Assignment: Every entry below should be transcribed exactly; pictures stay out of the copy.

Annotated photo localization data:
________________________
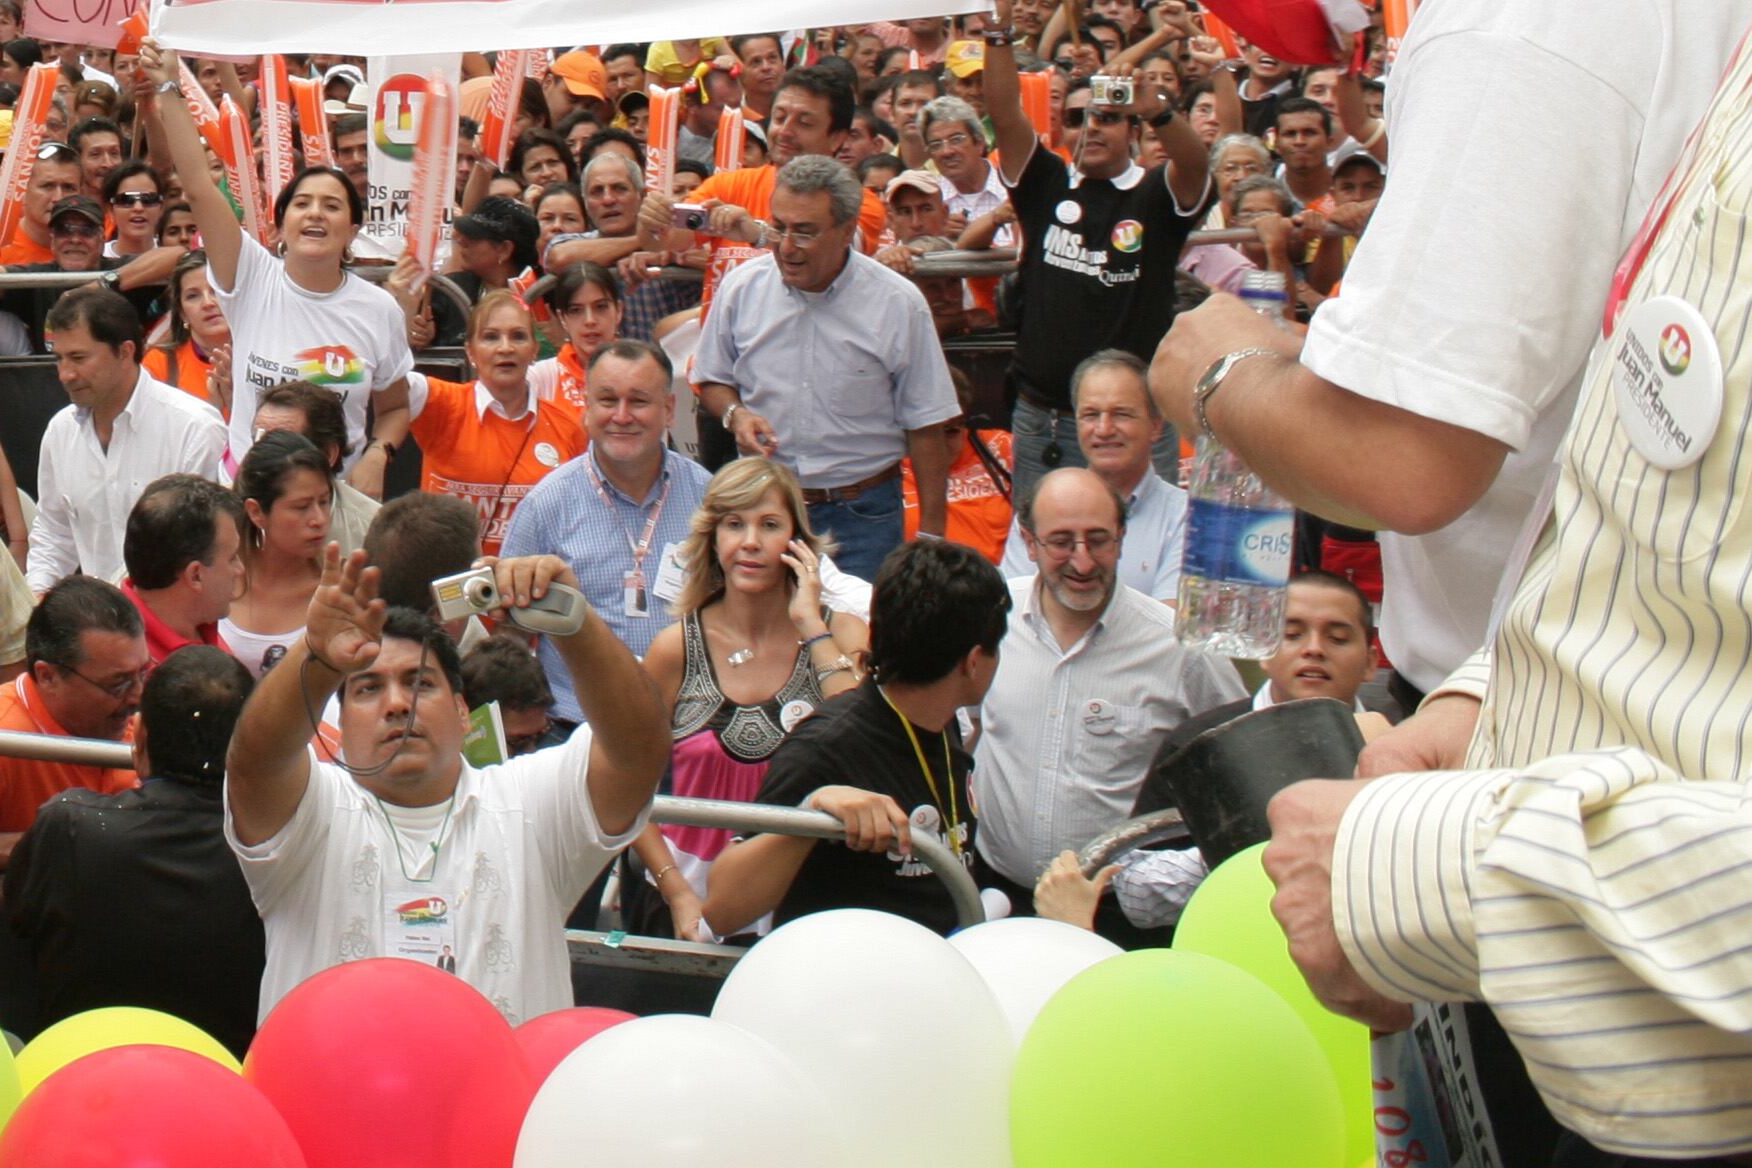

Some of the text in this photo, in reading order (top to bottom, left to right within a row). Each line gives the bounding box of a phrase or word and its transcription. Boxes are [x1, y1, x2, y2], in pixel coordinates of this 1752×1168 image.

[14, 122, 48, 203] SANTOS
[281, 366, 299, 377] con
[1625, 327, 1654, 373] UNIDOS
[1617, 341, 1693, 454] Juan Manuel
[1622, 373, 1675, 450] PRESIDENTE
[1244, 532, 1290, 555] CRIS
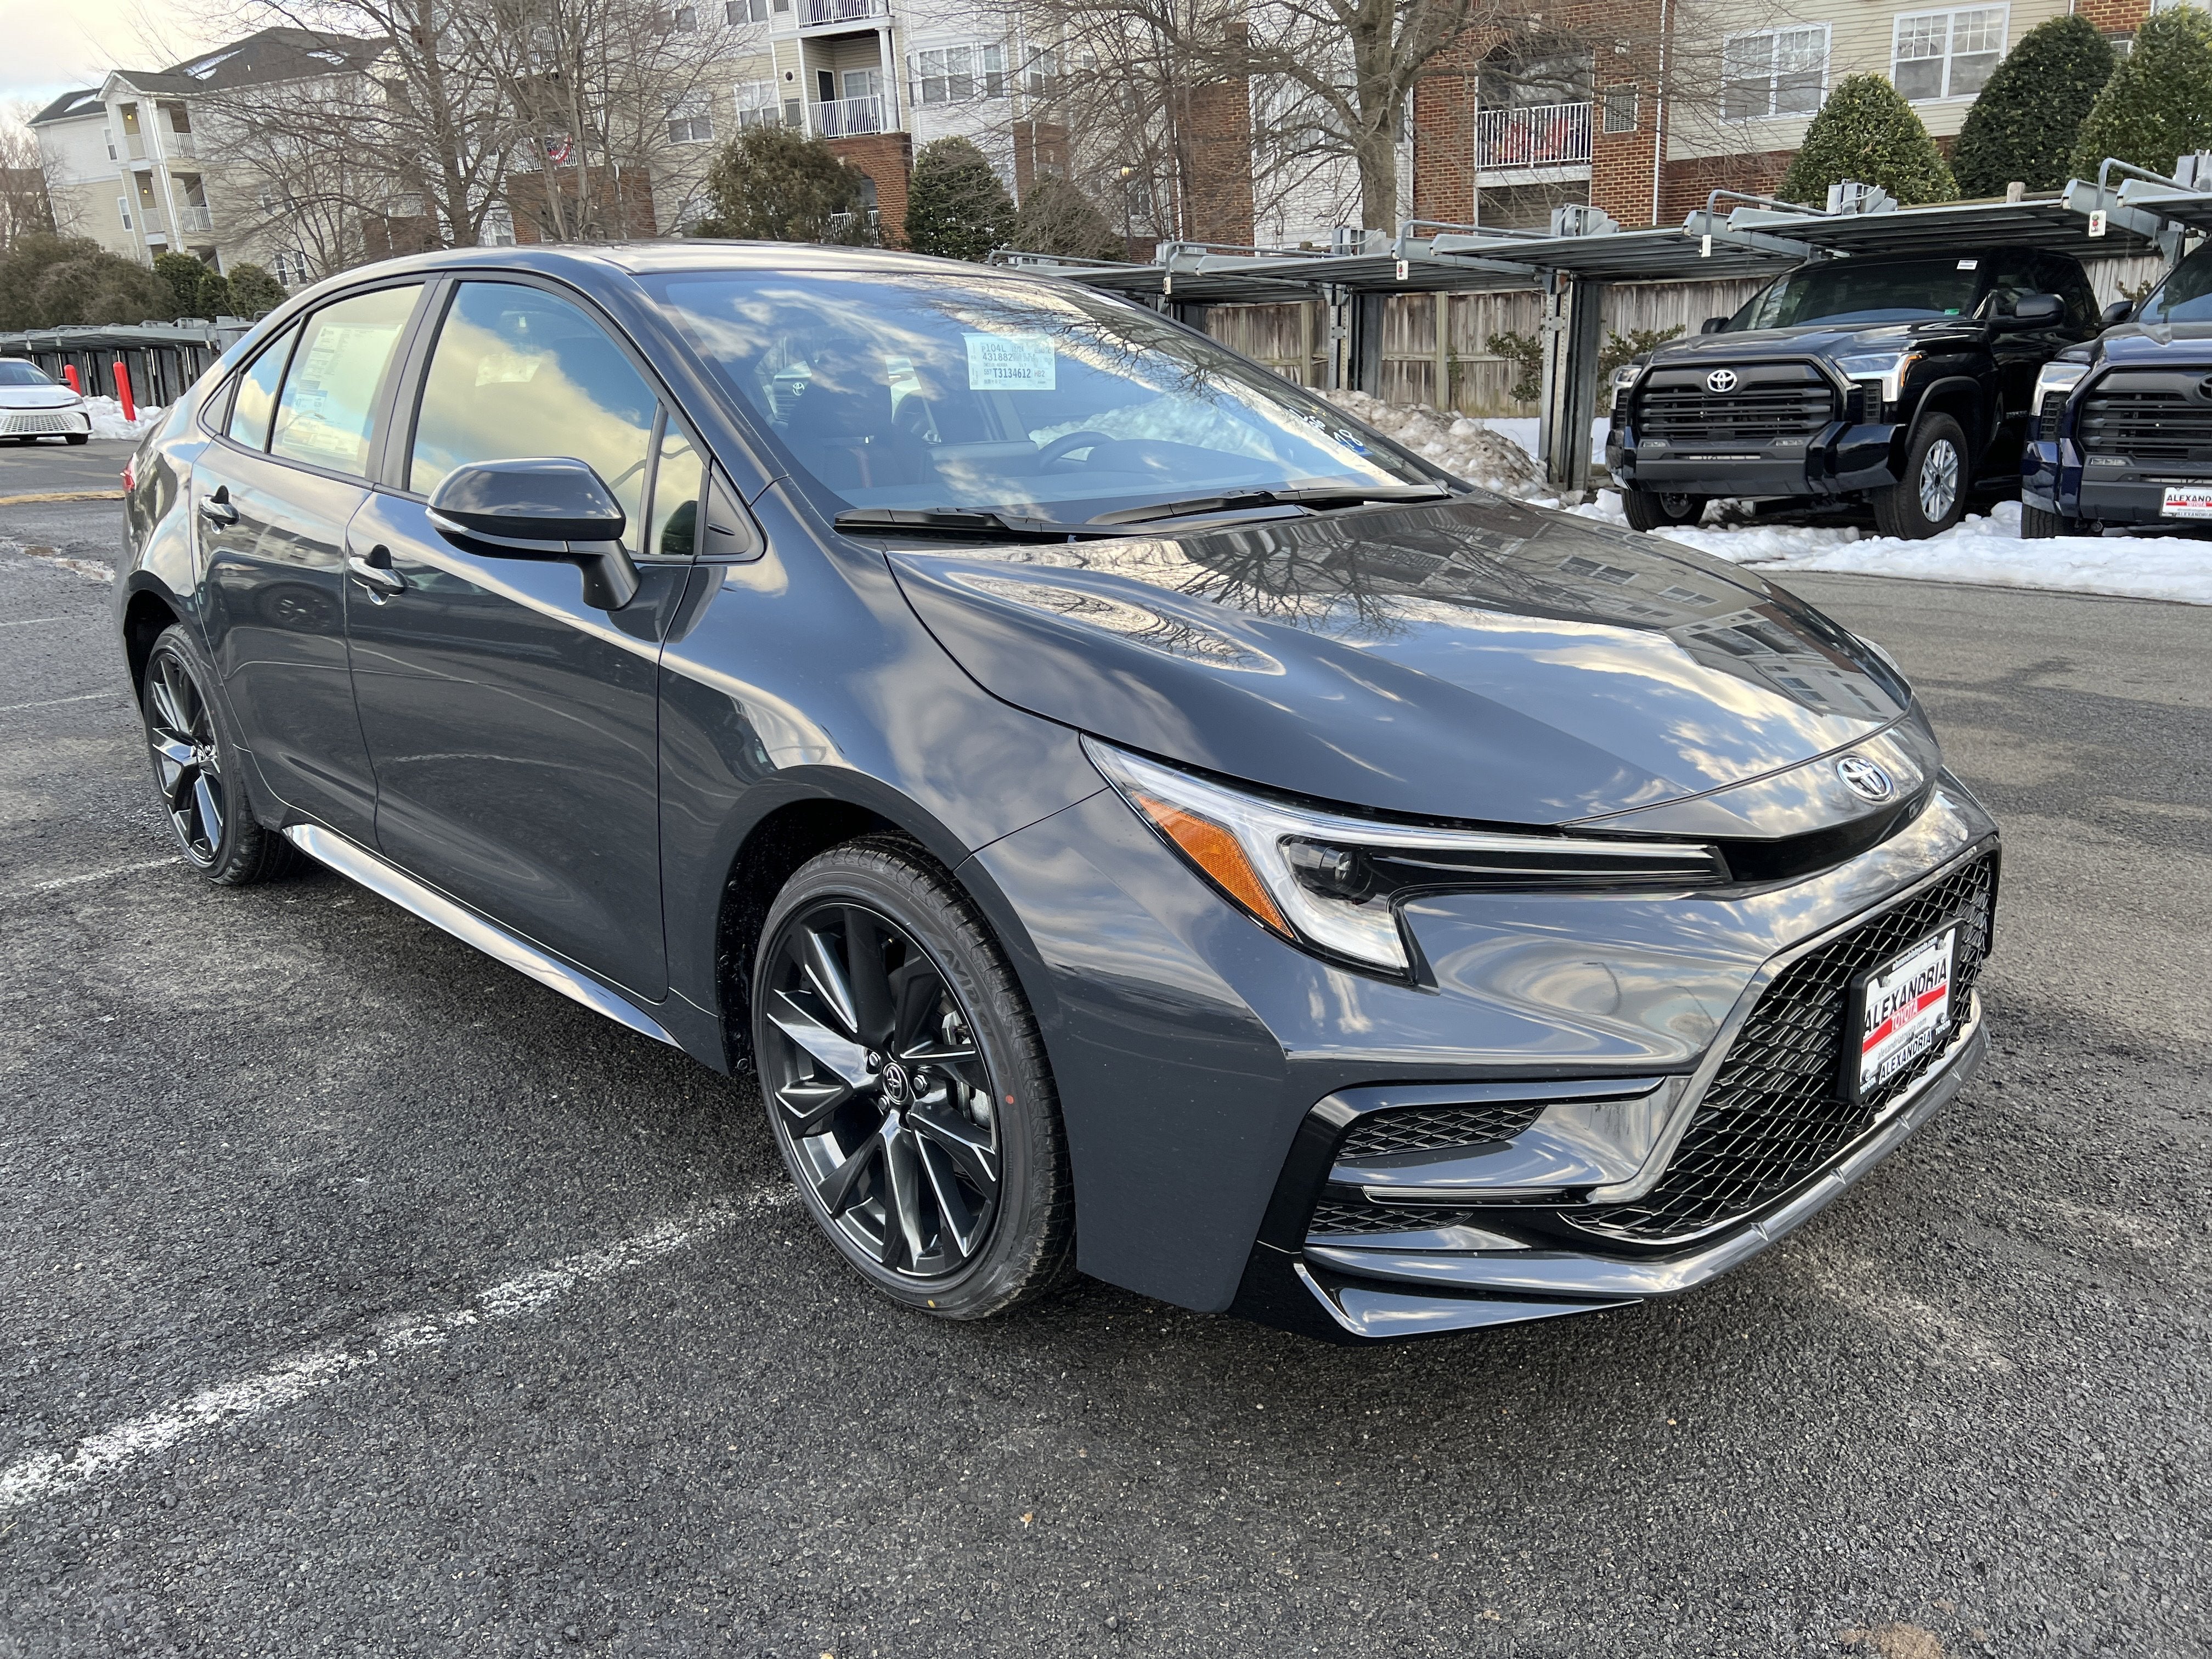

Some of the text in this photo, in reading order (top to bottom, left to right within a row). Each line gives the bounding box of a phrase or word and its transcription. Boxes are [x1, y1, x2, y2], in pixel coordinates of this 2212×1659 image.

[983, 353, 1013, 361] 431882
[992, 368, 1031, 379] T3134612
[938, 949, 998, 1041] AVID GT
[1865, 957, 1946, 1032] ALEXANDRIA
[1892, 999, 1918, 1031] TOYOTA
[1935, 1019, 1951, 1036] TOYOTA
[1877, 1017, 1927, 1060] alexandriatoyota.com
[1880, 1030, 1931, 1083] ALEXANDRIA
[1860, 1076, 1876, 1095] TOYOTA
________________________
Result for this exercise:
Some of the text in this photo, in reading order (top to bottom, left to right within a row). Each line gives the bounding box of a phrase or word and its transcription. Boxes are [x1, y1, x2, y2], in pixel coordinates of this 1752×1168 image.

[14, 122, 48, 203] SANTOS
[281, 366, 299, 377] con
[1625, 327, 1654, 373] UNIDOS
[1617, 341, 1693, 454] Juan Manuel
[1622, 373, 1675, 450] PRESIDENTE
[1244, 532, 1290, 555] CRIS

Some of the text in this photo, in reading order (top to bottom, left to right within a row). Each line gives the bounding box of a phrase or word and its transcription. Boxes are [x1, y1, x2, y2], in pixel coordinates of this 2212×1659 image.

[983, 353, 1013, 361] 431882
[992, 368, 1031, 379] T3134612
[938, 949, 998, 1041] AVID GT
[1865, 957, 1946, 1032] ALEXANDRIA
[1892, 999, 1918, 1031] TOYOTA
[1935, 1019, 1951, 1036] TOYOTA
[1877, 1017, 1927, 1060] alexandriatoyota.com
[1880, 1030, 1931, 1083] ALEXANDRIA
[1860, 1076, 1876, 1095] TOYOTA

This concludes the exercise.